Sánchez afirmó que le “revienta” ver la placa que honra a Marisela frente al Palacio de Gobierno.
Dijo que Escobedo “permitió” lo que le ocurrió a su hija, que debió tener el “coraje” de arrancarla de su agresor y que es “una vergüenza” que marchara por su hija muerta en lugar de haberla salvado.
“No. La responsabilidad es del feminicida y del Estado; las madres firmantes rechazan que la culpa de un crimen pueda repartirse entre quien lo comete y quien no logró impedirlo. La responsabilidad de un feminicidio, de una desaparición o de la violencia, es de quien la ejerce, y del Estado que no lo evitó”.

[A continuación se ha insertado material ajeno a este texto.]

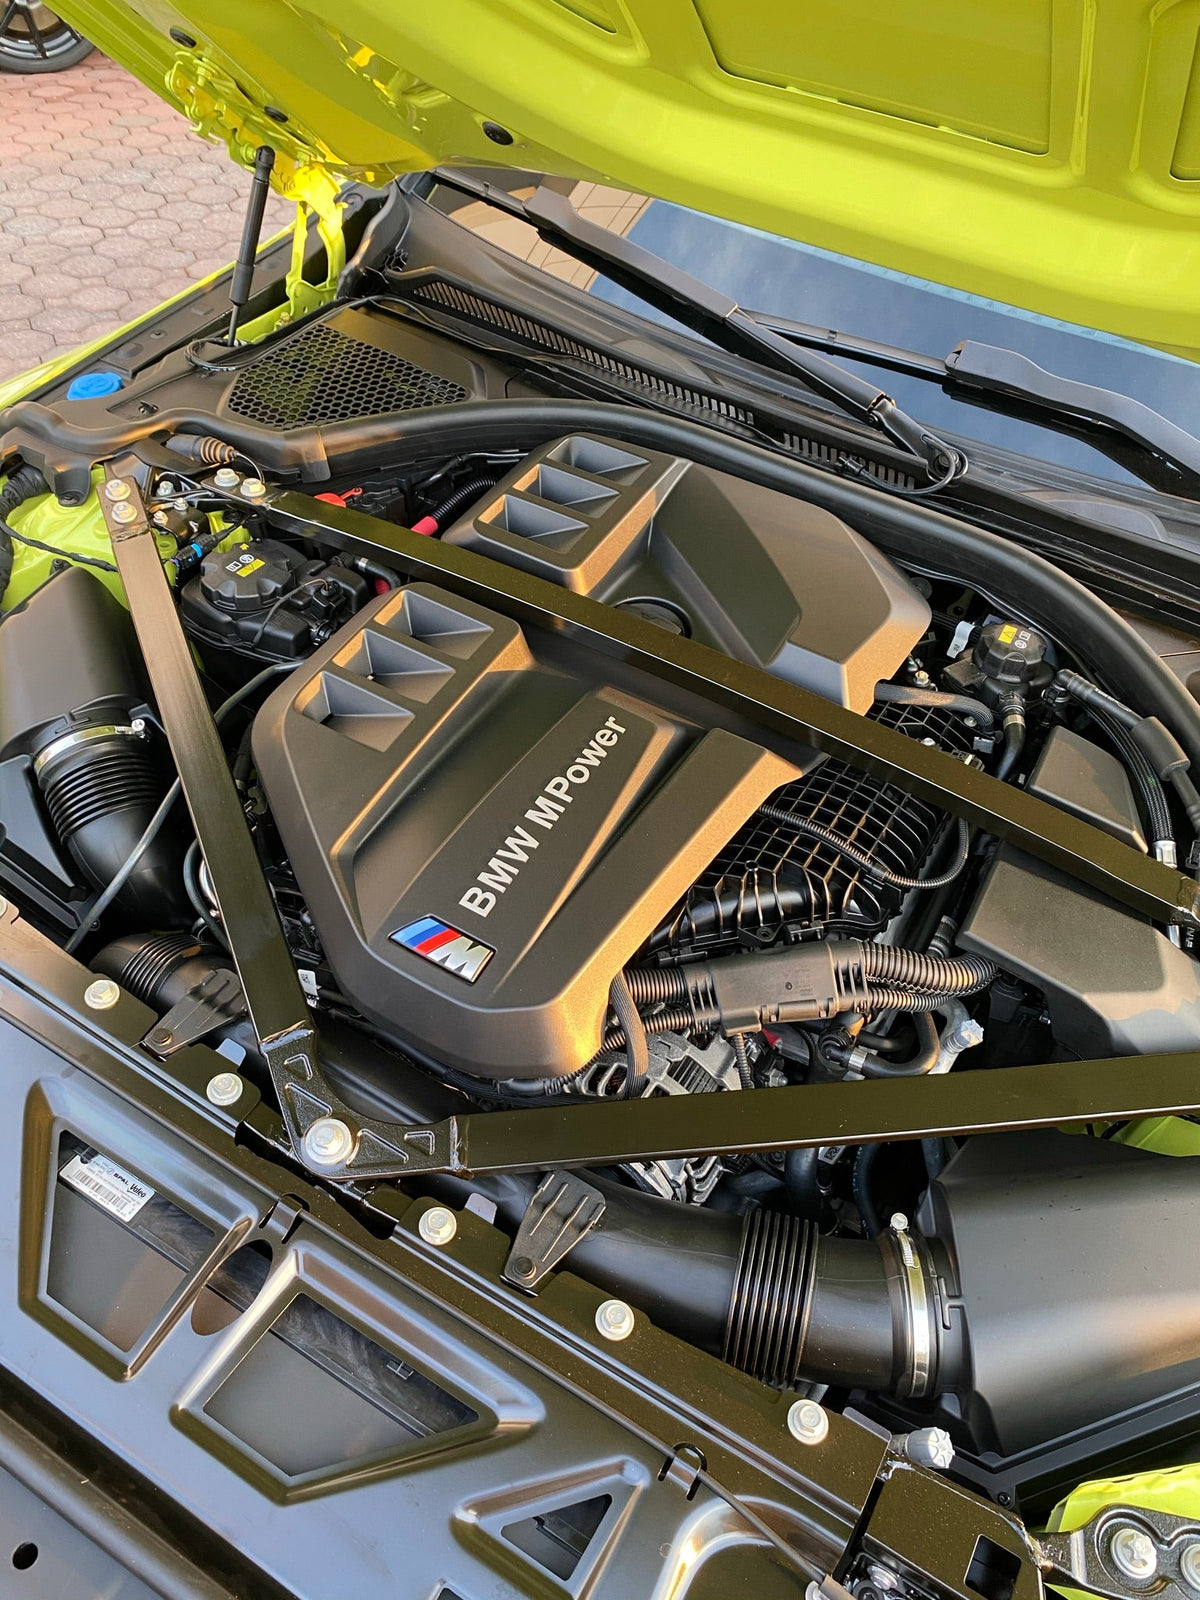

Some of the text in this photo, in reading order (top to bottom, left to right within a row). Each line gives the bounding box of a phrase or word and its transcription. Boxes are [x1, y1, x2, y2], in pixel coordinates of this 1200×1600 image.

Además señalaron que, la única forma de arrancar a una adolescente de una relación habría sido encerrarla, privarla de su libertad, someterla: cometer contra la propia hija los delitos que reprochamos a los agresores.
“¿Eso es lo correcto para su moral?, su posicionamiento reproduce prejuicios que la literatura especializada sobre violencia lleva décadas desmontando y que parte de “un desconocimiento alarmante de cómo operan, en la vida real, las relaciones de control y de violencia”.

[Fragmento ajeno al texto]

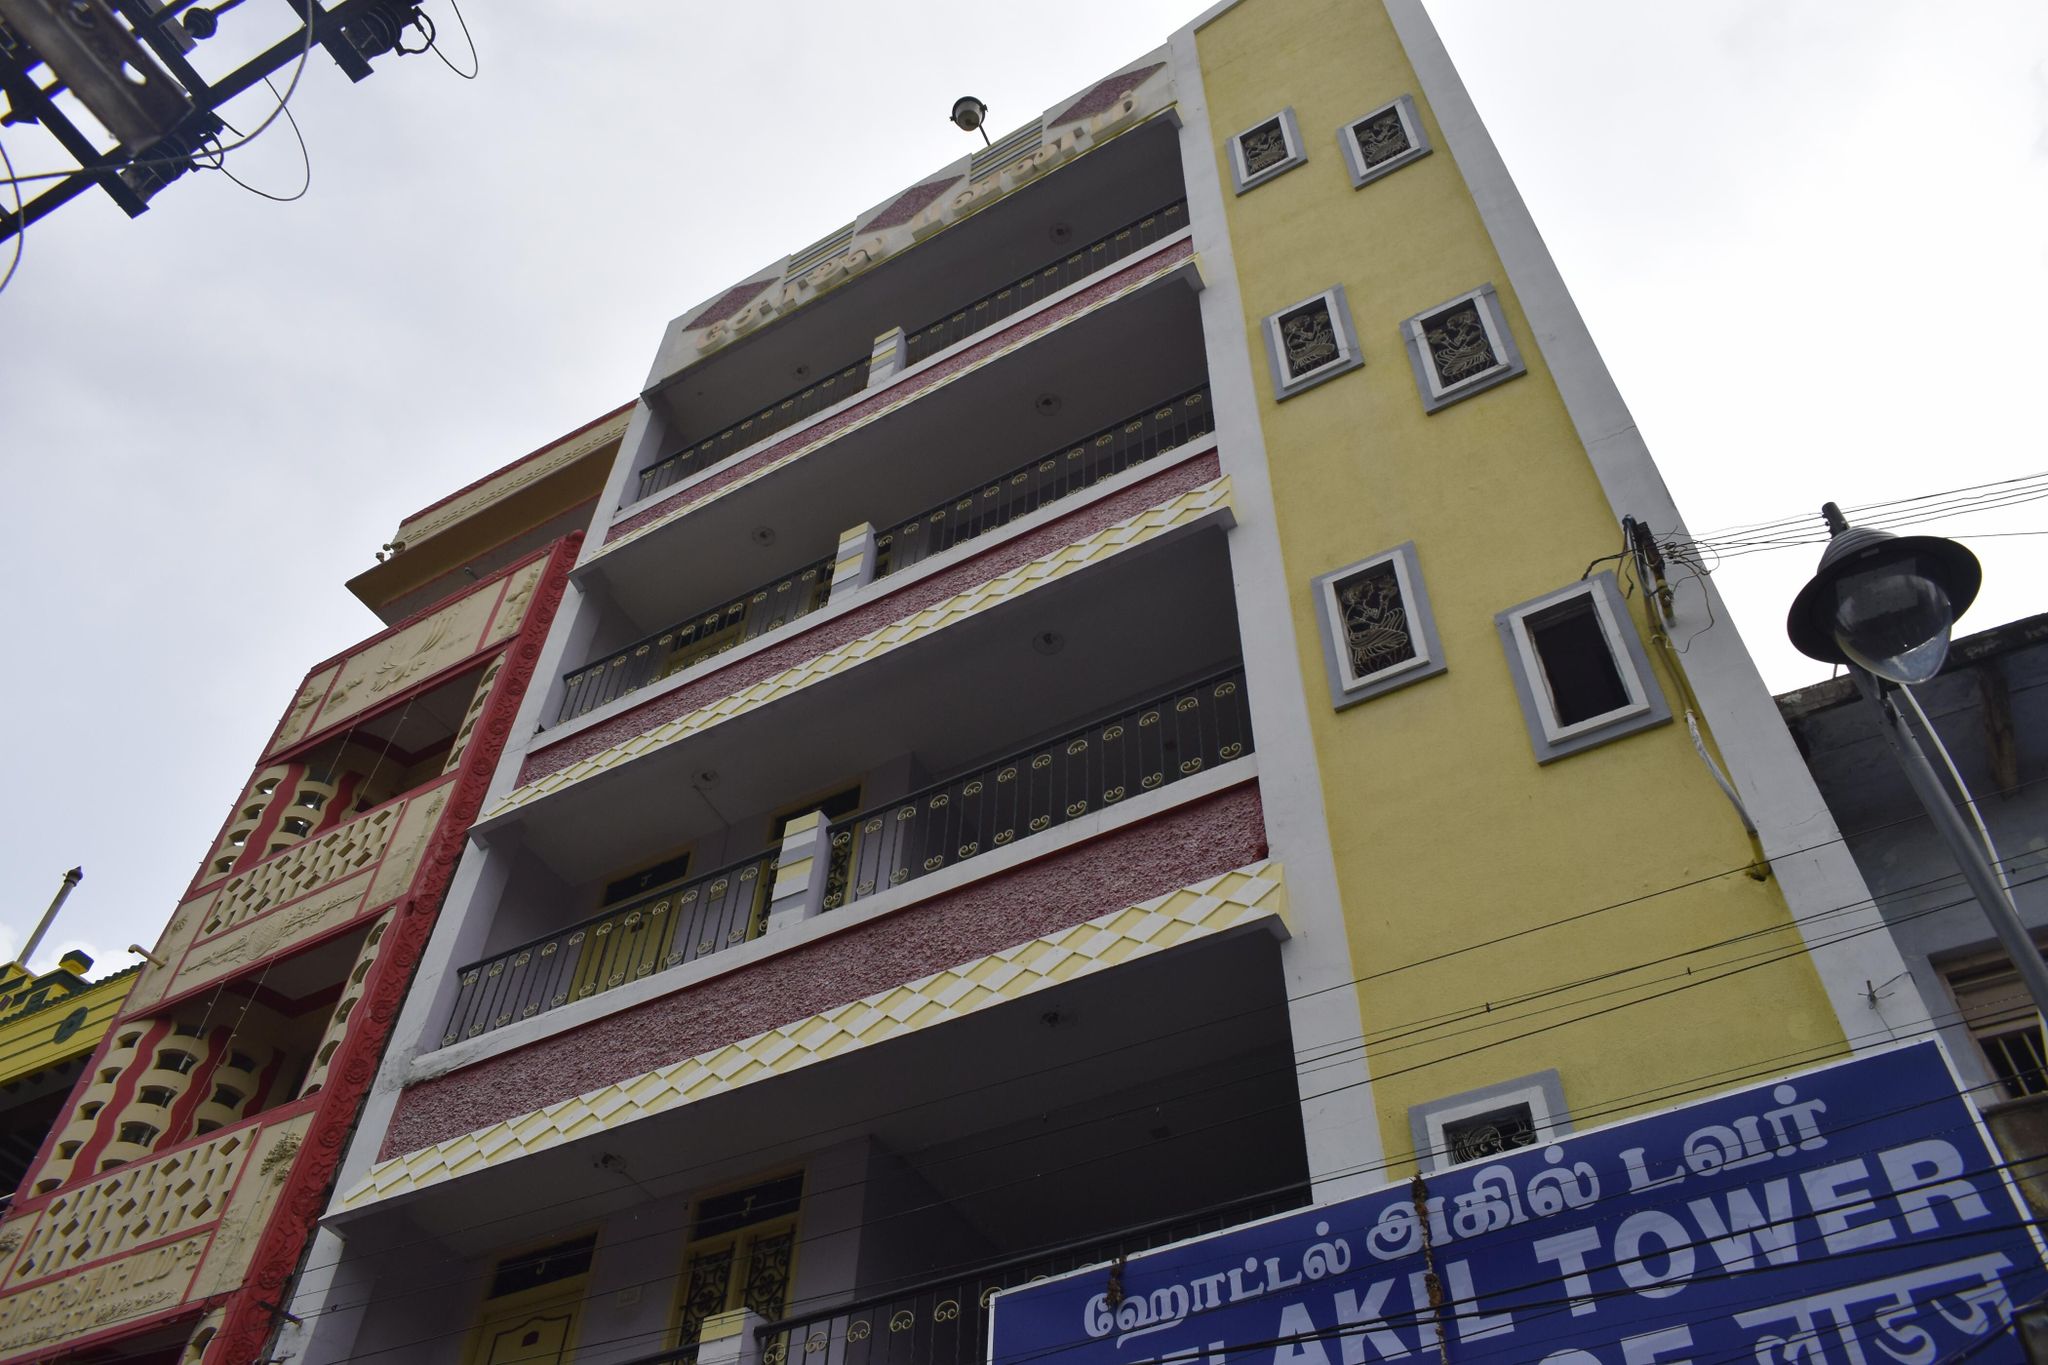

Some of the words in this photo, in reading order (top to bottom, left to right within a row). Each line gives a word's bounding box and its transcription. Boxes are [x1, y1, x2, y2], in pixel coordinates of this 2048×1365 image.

La carta señala que Sánchez, al ser abogada, ignora lo primero que funda el derecho: que la responsabilidad es personal e intransferible y que recae en quien mata, no en quien no supo impedirlo.
“Lo que usted hace desde ese micrófono tiene nombre técnico: revictimización. Es el daño que se añade a la víctima cuando, sobre su dolor, se le deposita la culpa. Usted no lo denuncia: lo practica; usted se dice cristiana, vocera de la Iglesia Palabra Viva en Chihuahua, pero tomó una piedra y la lanzó contra una madre muerta. Olvidó quién enseñó que la arrojara solo quien esté libre de culpa, y de qué lado estuvo Él siempre: del que sufre, nunca del que acusa”.

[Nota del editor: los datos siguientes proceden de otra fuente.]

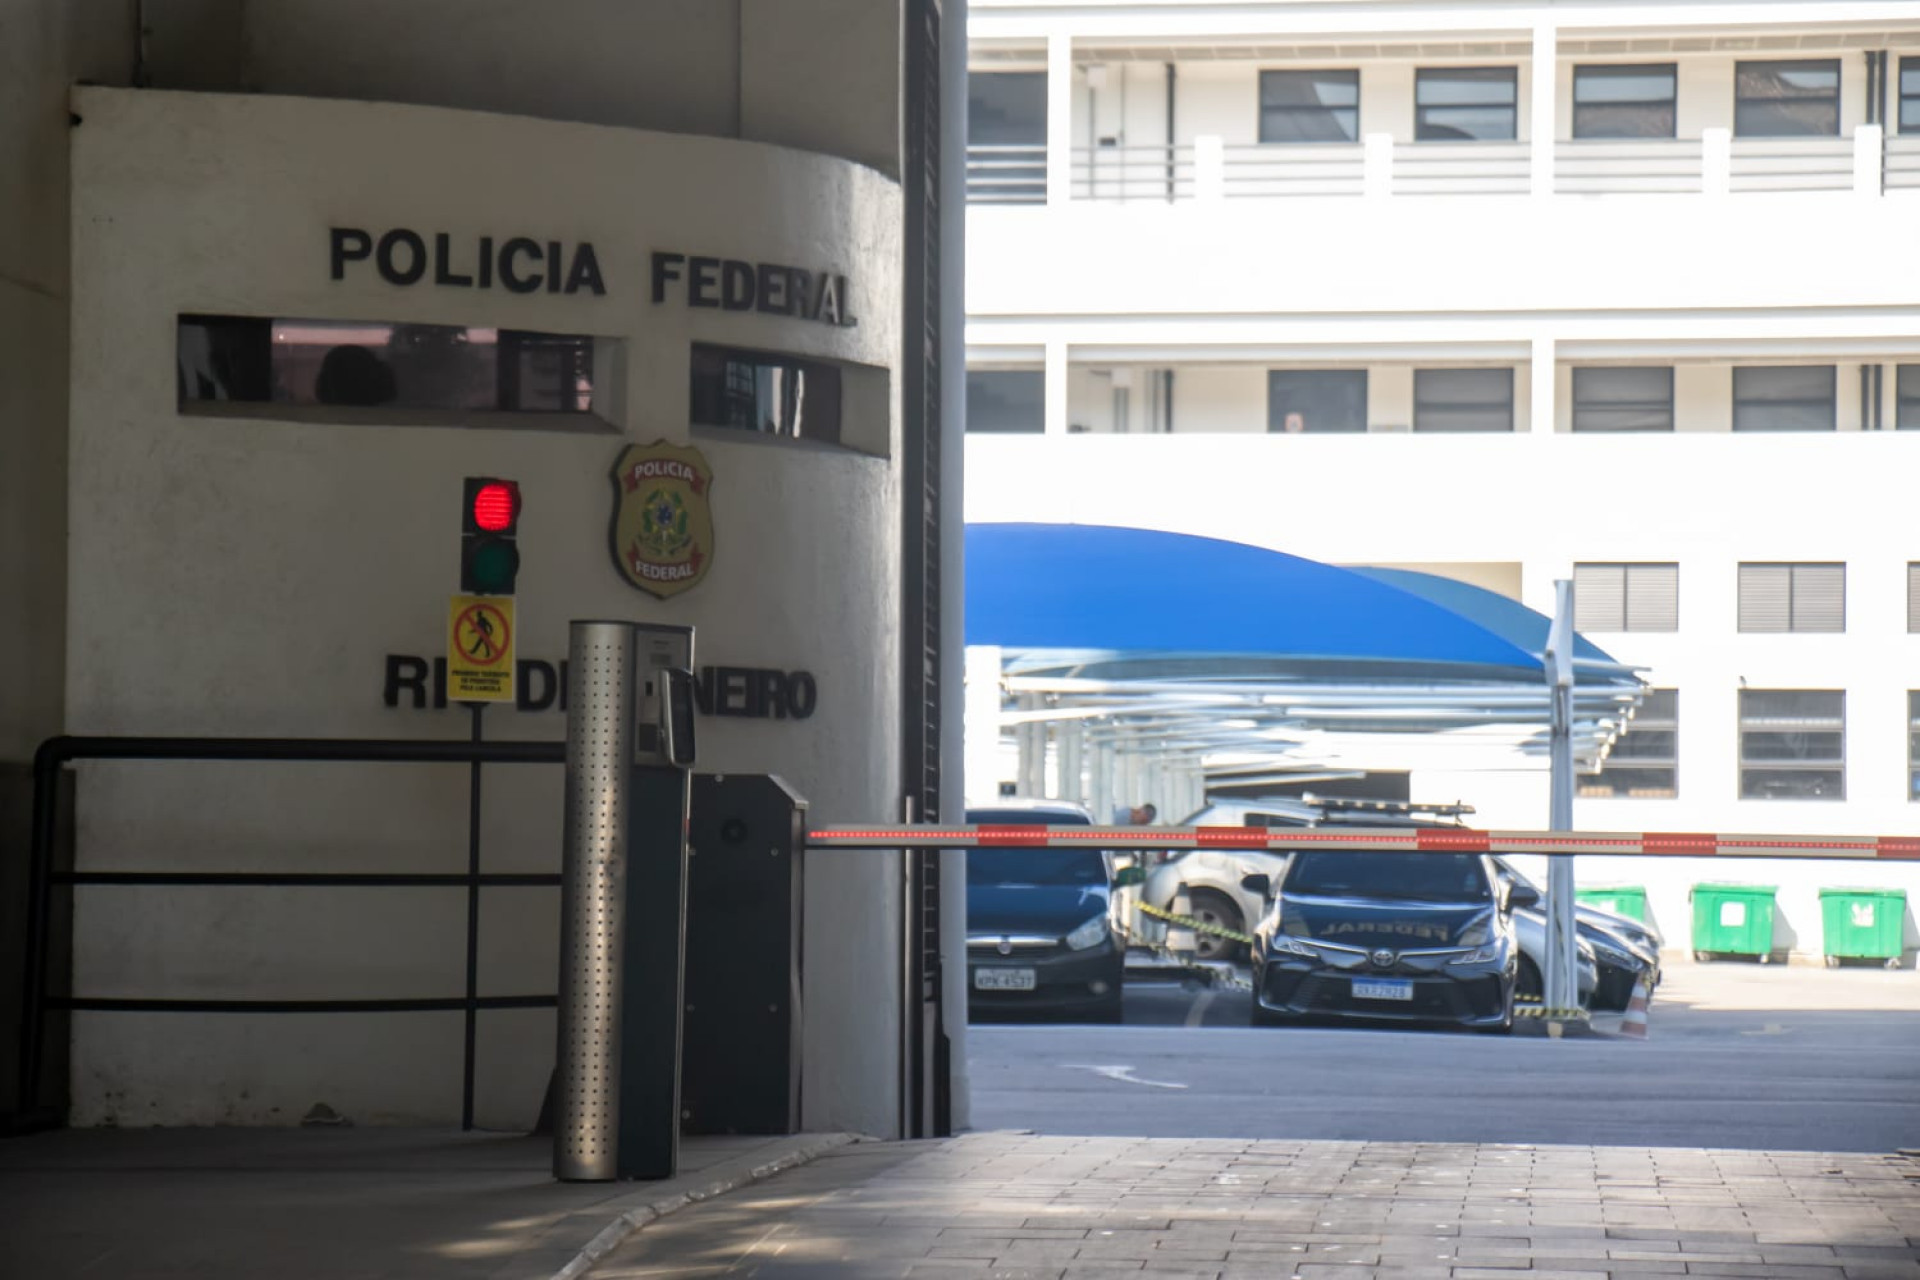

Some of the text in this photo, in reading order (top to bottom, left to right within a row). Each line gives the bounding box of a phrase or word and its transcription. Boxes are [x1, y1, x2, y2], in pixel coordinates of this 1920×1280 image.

Aseguraron que Marisela no le falló a su hija, le falló el feminicida, le falló el sistema de justicia y le falló un Estado incapaz de protegerla incluso cuando ella arriesgó todo para exigir justicia.
“Y hoy, lamentablemente, también le fallan quienes, en lugar de honrar su memoria, prefieren convertirla en objeto de reproche”.
Por último cerraron con una advertencia en la que aseguraron no guardar silencio.
“Nosotras no vamos a guardar silencio. Porque cuando se culpa a una madre por el crimen cometido contra su hija, se nos culpa a todas”.
Rubí Marisol Frayre, de 16 años, fue asesinada en agosto de 2008 en Ciudad Juárez por Sergio Rafael Barraza Bocanegra, su pareja.
Marisela Escobedo inició una búsqueda que derivó en la localización de los restos de su hija. Barraza fue absuelto en primera instancia en 2010, lo que desató las protestas de Escobedo.
El 16 de diciembre de 2010 fue asesinada de un disparo en la cabeza frente al Palacio de Gobierno de Chihuahua, donde mantenía un plantón.
La placa que menciona Sánchez fue colocada en 2023 como acto de memoria, frente al lugar donde Marisela fue asesinada.
La carta está firmada por “Madres de personas desaparecidas, familiares de mujeres víctimas de feminicidio y de niñas, niños y adolescentes víctimas de violencia sexual acompañadas por el Centro de Derechos Humanos de las Mujeres (CEDEHM)”.